Dr. Yu Zhang was trained as a Mechanical Engineer. She received her PhD degree from the Department of Mechanical and Nuclear Engineering at Virginia Commonwealth University in April 2023. Her expertise is in indoor air pollutants control. She fabricated photocatalytic metal-organic framework (MOF) coated electret which can simultaneously remove particulate matters (PMs), volatile organic compounds (VOCs), and bioaerosol.
Mr. Genhui Jing is a PhD student in the Department of Mechanical and Nuclear Engineering at Virginia Commonwealth University.
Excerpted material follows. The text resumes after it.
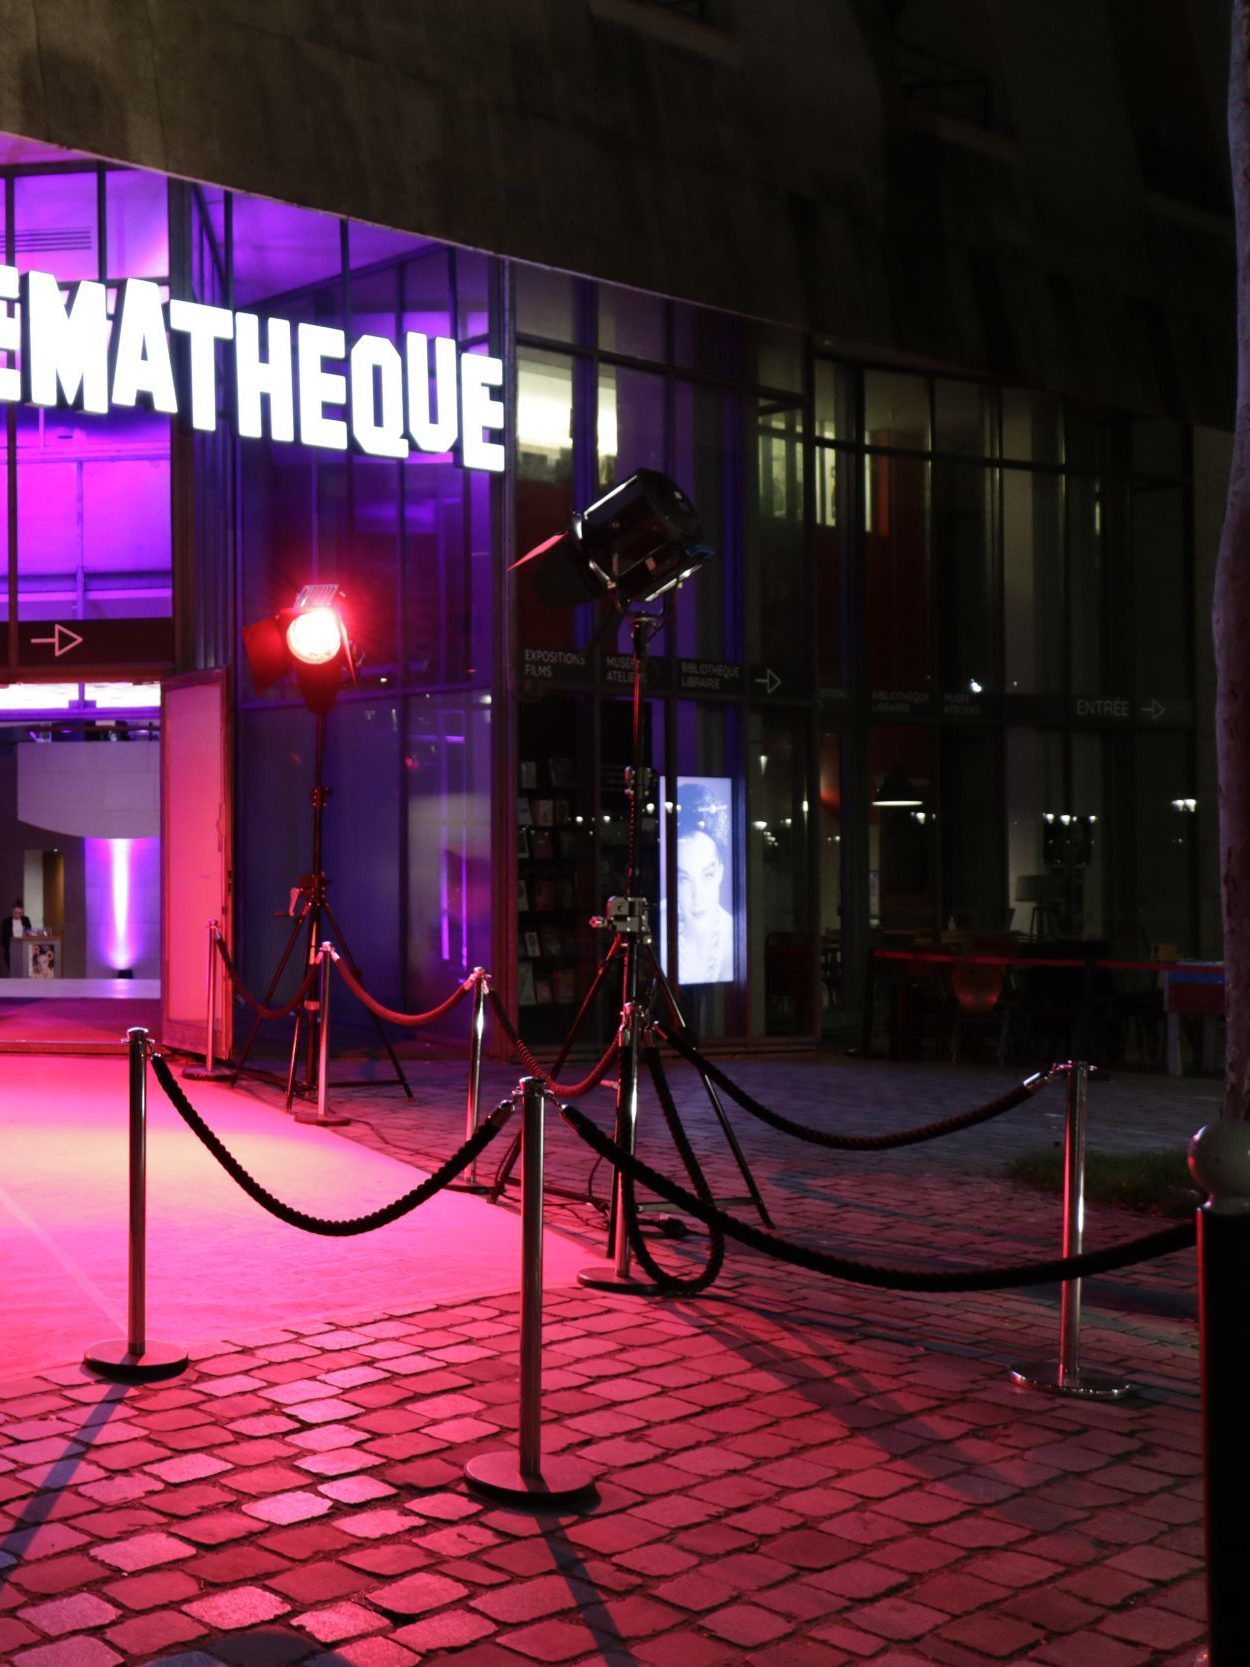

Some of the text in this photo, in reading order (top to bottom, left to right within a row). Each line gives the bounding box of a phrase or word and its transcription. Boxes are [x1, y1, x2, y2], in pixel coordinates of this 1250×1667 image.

He received his master’s degree from the College of Chemistry & Chemical Engineering, Xi’an Shiyou University. He is studying nanoparticle removal by air and liquid filtration.
Dr. Peng Wang was trained as a Mechanical Engineer. He received his PhD degree from the Department of Mechanical and Nuclear Engineering at Virginia Commonwealth University in August 2021. His expertise is in experimental and numerical study of air filtration.
Prof. Daren-Chen is a Professor and Floyd D. Gottwald, Sr. Chair in the Department of Mechanical and Nuclear Engineering at Virginia Commonwealth University. He is the inventor of many aerosol generation and measurement instruments, including electrospray monodisperse particle generator, nanometer differential mobility analyzer, personal nanoparticle monitors, continuous gene transfection and many other particle processing tools. He was honored with the Sheldon K. Friedlander Award (1997), Smoluchowski Award (2002), Kenneth Whitby Award (2005) and Benjamin Liu Award (2012) for his significant contributions to nanoparticle instrumentation and experimental techniques.